>>>

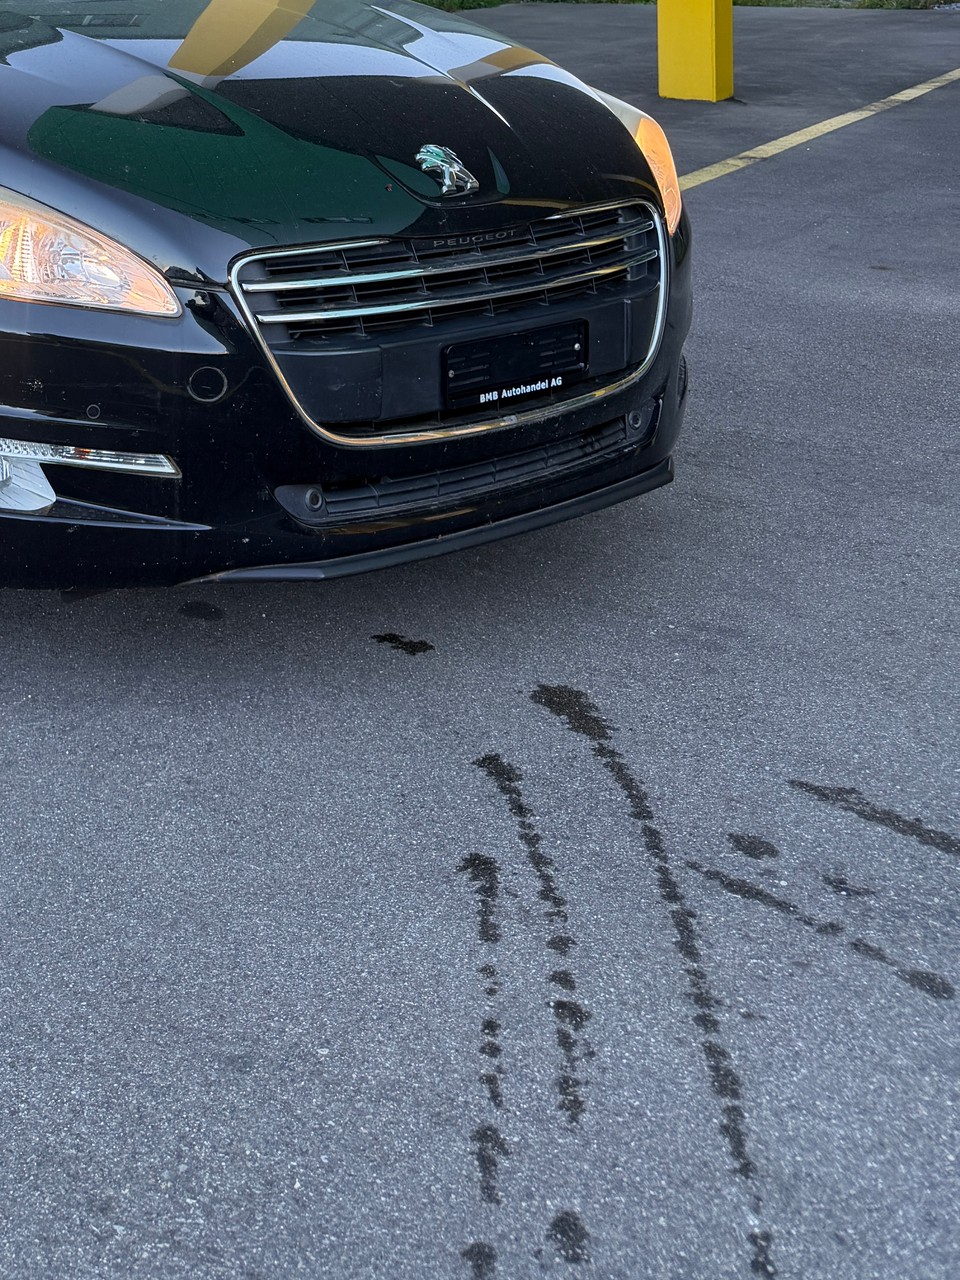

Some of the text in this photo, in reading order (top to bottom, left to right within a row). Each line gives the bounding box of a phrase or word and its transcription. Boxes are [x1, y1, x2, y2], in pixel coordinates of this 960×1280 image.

[433, 229, 517, 247] PEUGEOT
[480, 376, 562, 403] BMB Autohandel AG
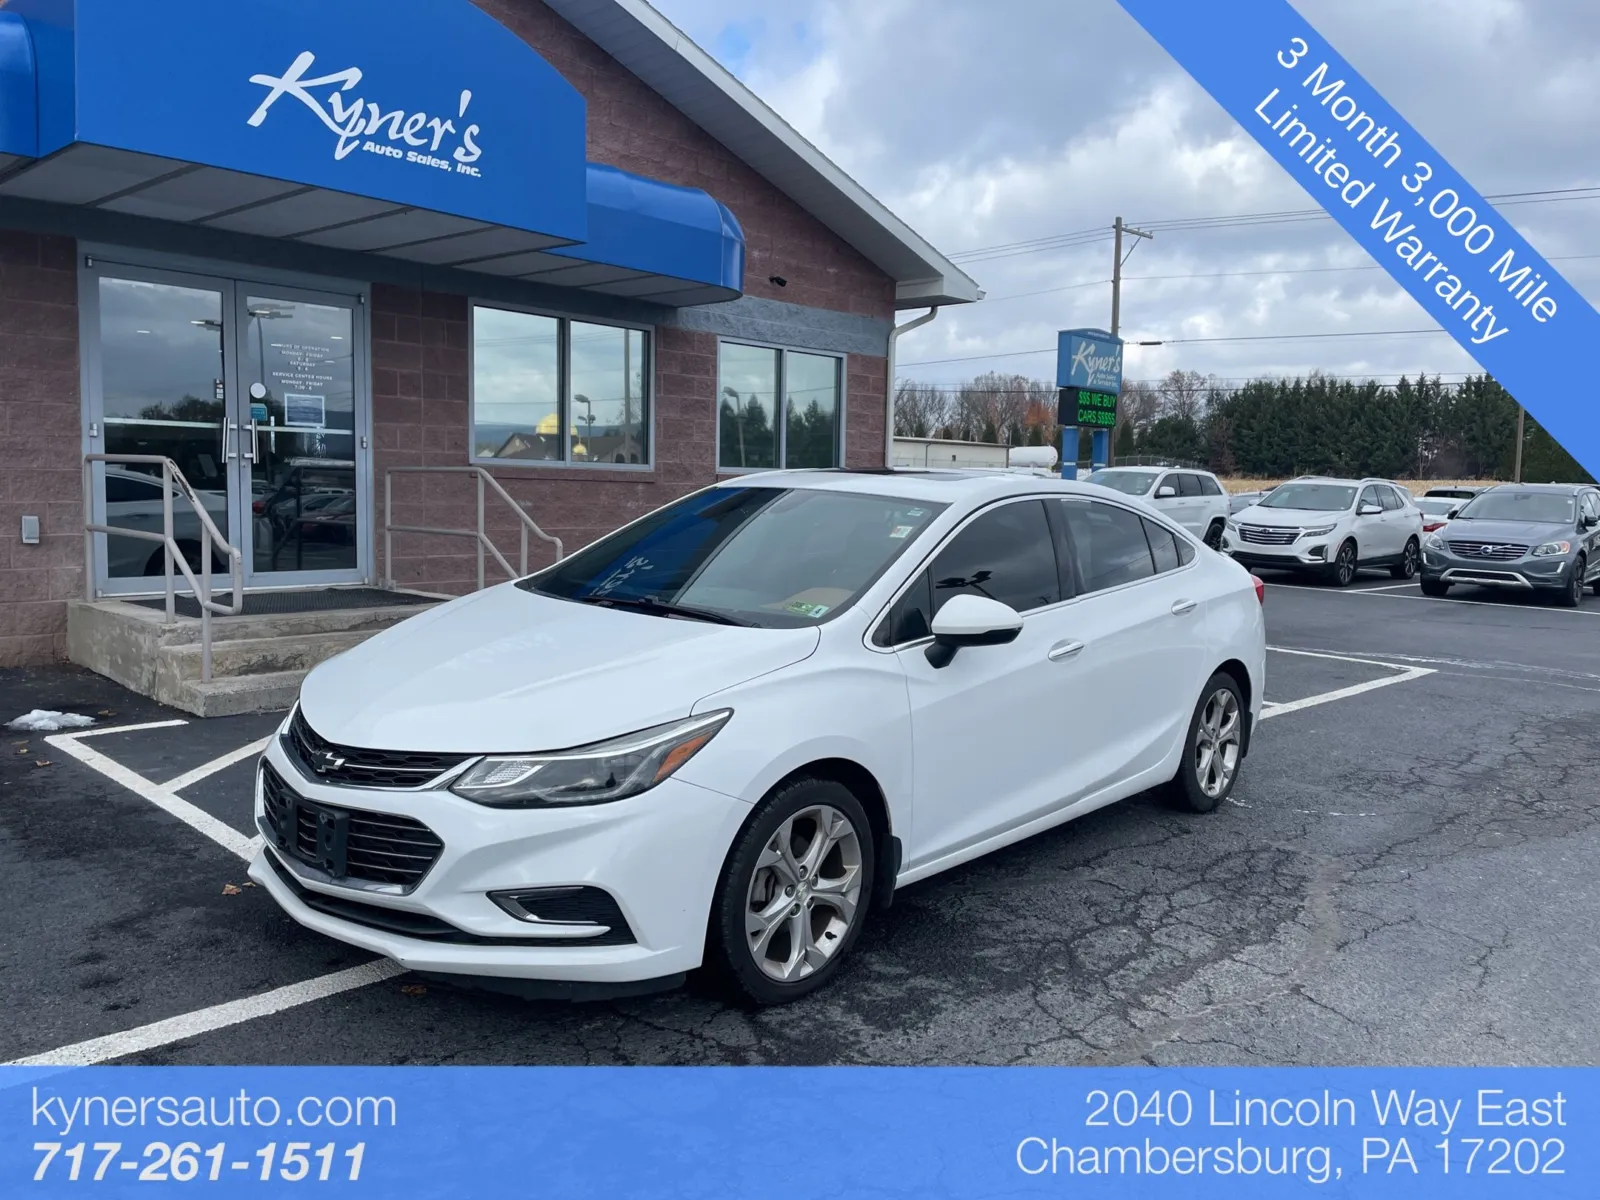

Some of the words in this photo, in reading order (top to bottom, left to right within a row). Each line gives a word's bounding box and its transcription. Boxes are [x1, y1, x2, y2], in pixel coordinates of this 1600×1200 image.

[247, 50, 482, 161] Kyner's
[362, 140, 403, 159] Auto
[406, 151, 452, 172] Sales,
[456, 162, 482, 177] Inc.
[1071, 340, 1121, 388] Kyner's
[1078, 409, 1097, 423] CARS
[1091, 392, 1103, 406] WE
[1103, 394, 1117, 408] BUY

<<<

* TASK OBJECTIVE: Leave the pictures out and reproduce each record exactly as written.

* EXERCISE SOLUTION:
Some of the text in this photo, in reading order (top to bottom, left to right within a row). Each line gives the bounding box of a phrase or word and its transcription. Boxes are [x1, y1, x2, y2], in pixel coordinates of this 960×1280 image.

[433, 229, 517, 247] PEUGEOT
[480, 376, 562, 403] BMB Autohandel AG

Some of the words in this photo, in reading order (top to bottom, left to right within a row). Each line gives a word's bounding box and its transcription. Boxes are [x1, y1, x2, y2], in pixel coordinates of this 1600×1200 image.

[247, 50, 482, 161] Kyner's
[362, 140, 403, 159] Auto
[406, 151, 452, 172] Sales,
[456, 162, 482, 177] Inc.
[1071, 340, 1121, 388] Kyner's
[1078, 409, 1097, 423] CARS
[1091, 392, 1103, 406] WE
[1103, 394, 1117, 408] BUY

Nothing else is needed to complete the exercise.